Of course those who are into process theology or the openness of God theology may well beg to differ here, but they tend to be somewhat aberrational, and outside of the mainstream theological community on various issues.
But thanks for your thoughts!
As I said, I would like to add just a few more remarks to this reply. They result from my recent readings, and supplement what I have already said. Since I have been rereading much of the Lewis corpus of late, something I just read last night from his The Problem of Pain nicely ties in here, and further confirms how Lewis thought about this issue. Early on in the book he has a chapter on “Divine Omnipotence” and says this:
The idea of that which God ‘could have’ done involves a too anthropomorphic conception of God’s freedom. Whatever human freedom means, Divine freedom cannot mean indeterminacy between alternatives and choice of one of them. Perfect goodness can never debate about the end to be attained, and perfect wisdom cannot debate about the means most suited to achieve it. The freedom of God consists in the fact that no cause other than Himself produces His acts and no external obstacle impedes them – that His own goodness is the root from which they all grow and His own omnipotence the air in which they all flower.

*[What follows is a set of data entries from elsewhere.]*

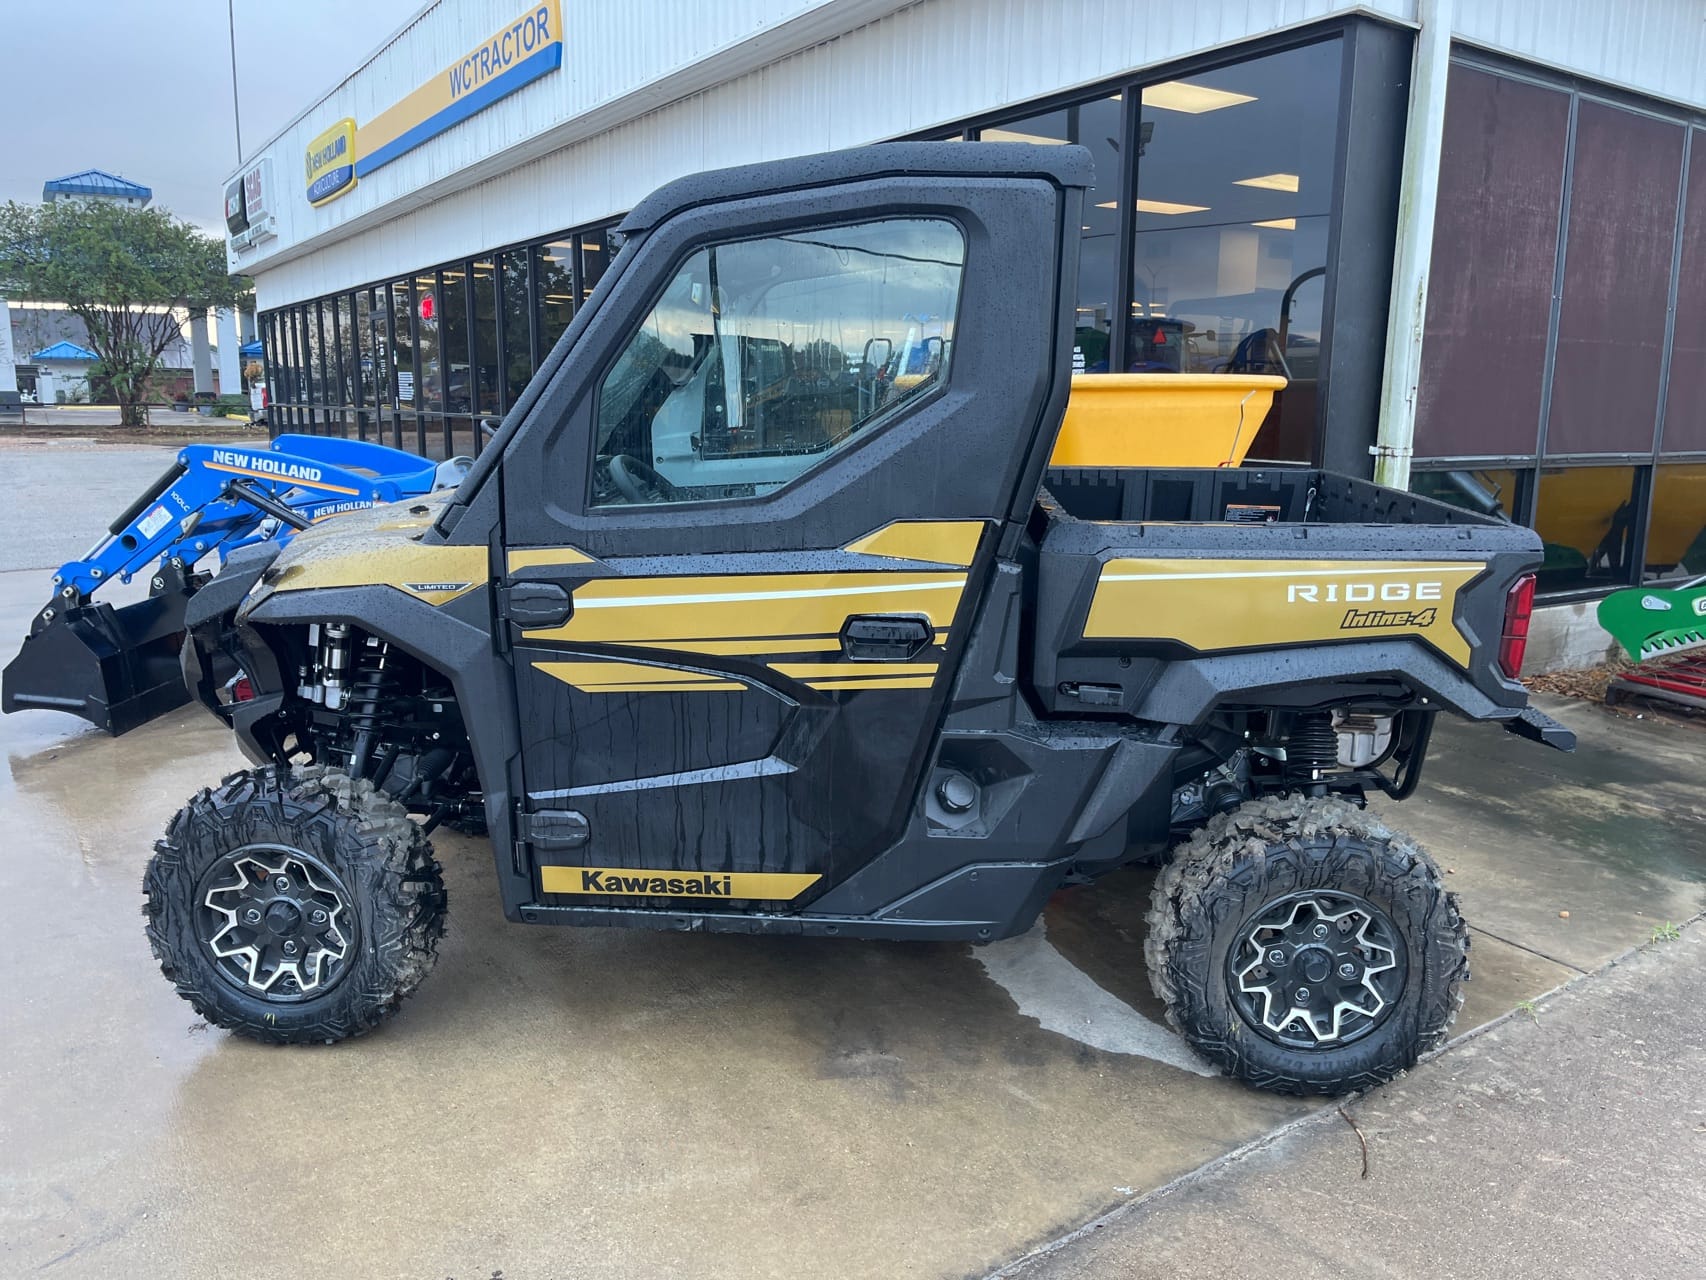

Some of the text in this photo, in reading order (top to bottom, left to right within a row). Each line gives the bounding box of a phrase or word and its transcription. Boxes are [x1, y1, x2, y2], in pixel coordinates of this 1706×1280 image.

[449, 6, 549, 98] WCTRACTOR
[213, 450, 322, 482] NEW HOLLAND
[313, 505, 336, 518] NEW
[1287, 582, 1442, 603] RIDGE
[1340, 608, 1438, 629] Inline-4
[581, 871, 731, 896] Kawasaki
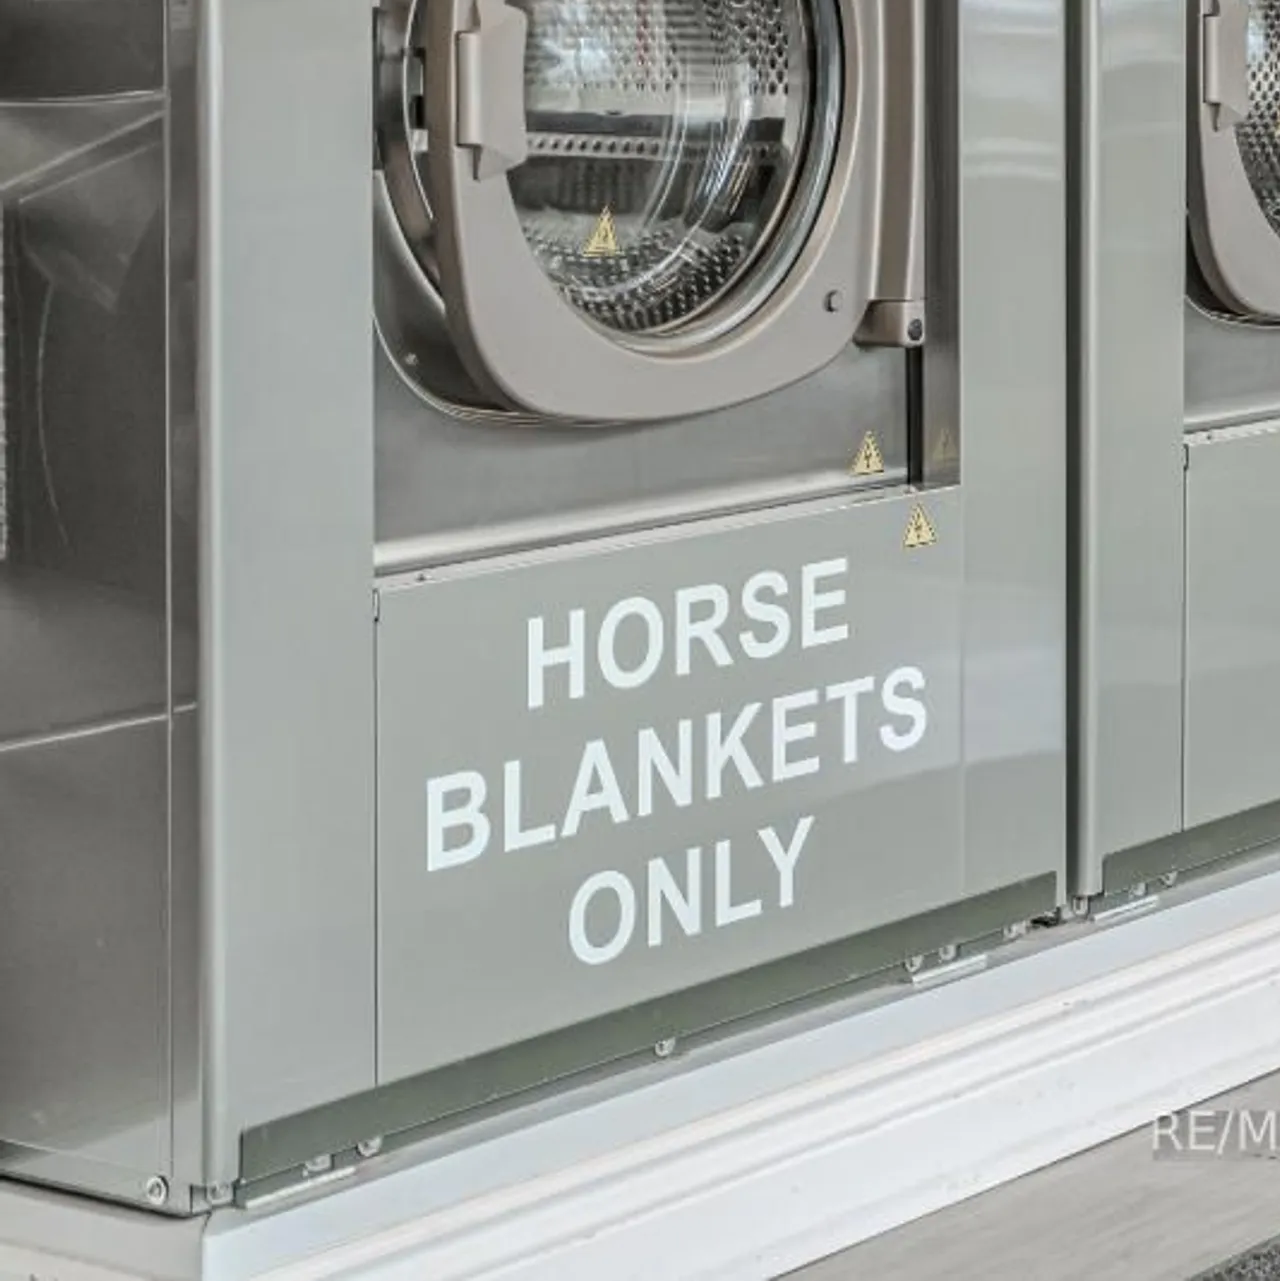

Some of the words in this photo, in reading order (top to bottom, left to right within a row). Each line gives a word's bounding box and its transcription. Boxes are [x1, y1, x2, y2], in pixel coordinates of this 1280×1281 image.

In my original article on this I also mentioned the biblical truth that God cannot change. That should seal the issue. But last night I also was flicking through the classic 1993 book by J. I Packer, Concise Theology. In his chapter on “Transcendence” he says this:
God is immutable. This means that he is totally consistent: because he is necessarily perfect, he cannot change either for the better or for the worse; and because he is not in time he is not subject to change as creatures are (2 Pet. 3:8). Far from being detached and immobile, he is always active in his world, constantly making new things spring forth (Isa. 42:9; 2 Cor. 5:17; Rev. 21:5); but in all this he expresses his perfect character with perfect consistency. It is precisely the immutability of his character that guarantees his adherence to the words he has spoken and the plans he has made (Num. 23:19; Ps. 33:11; Mal. 3:6; James 1:16-18); and it is this immutability that explains why, when people change their attitude to him, he changes his attitude to them (Gen. 6:5-7; Exod. 32:9-14; 1 Sam. 15:11; Jon. 3:10). The idea that the changelessness of God involves unresponsive indifference to what goes on in his world is the precise opposite of the truth.
For these and other reasons, I still maintain, as with most theologians over the past millennia, that God cannot sin, and he will never choose to sin.